_About this task_:
Please transcribe, word for word, the line containing "this 1350×1800 image." and every line after it through the end of the records below, and nothing else.

[Start of section]

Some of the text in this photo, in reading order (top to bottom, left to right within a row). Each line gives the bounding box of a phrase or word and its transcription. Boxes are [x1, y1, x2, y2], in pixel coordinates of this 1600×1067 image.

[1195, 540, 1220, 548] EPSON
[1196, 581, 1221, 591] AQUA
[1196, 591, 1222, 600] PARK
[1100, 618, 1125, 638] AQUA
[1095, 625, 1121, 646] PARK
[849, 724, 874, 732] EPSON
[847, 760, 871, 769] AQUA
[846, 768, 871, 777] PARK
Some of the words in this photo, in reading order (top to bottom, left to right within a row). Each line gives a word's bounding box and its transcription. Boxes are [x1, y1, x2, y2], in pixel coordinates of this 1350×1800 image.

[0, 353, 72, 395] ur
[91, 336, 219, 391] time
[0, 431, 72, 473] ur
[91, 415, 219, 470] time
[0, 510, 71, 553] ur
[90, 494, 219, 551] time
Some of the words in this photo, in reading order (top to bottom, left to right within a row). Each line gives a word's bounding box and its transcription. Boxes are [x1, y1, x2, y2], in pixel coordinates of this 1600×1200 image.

[End of section]

_Finished task_:
Some of the words in this photo, in reading order (top to bottom, left to right within a row). Each line gives a word's bounding box and its transcription. Boxes are [x1, y1, x2, y2], in pixel coordinates of this 1350×1800 image.

[0, 353, 72, 395] ur
[91, 336, 219, 391] time
[0, 431, 72, 473] ur
[91, 415, 219, 470] time
[0, 510, 71, 553] ur
[90, 494, 219, 551] time
Some of the words in this photo, in reading order (top to bottom, left to right within a row). Each line gives a word's bounding box and its transcription. Boxes are [x1, y1, x2, y2], in pixel coordinates of this 1600×1200 image.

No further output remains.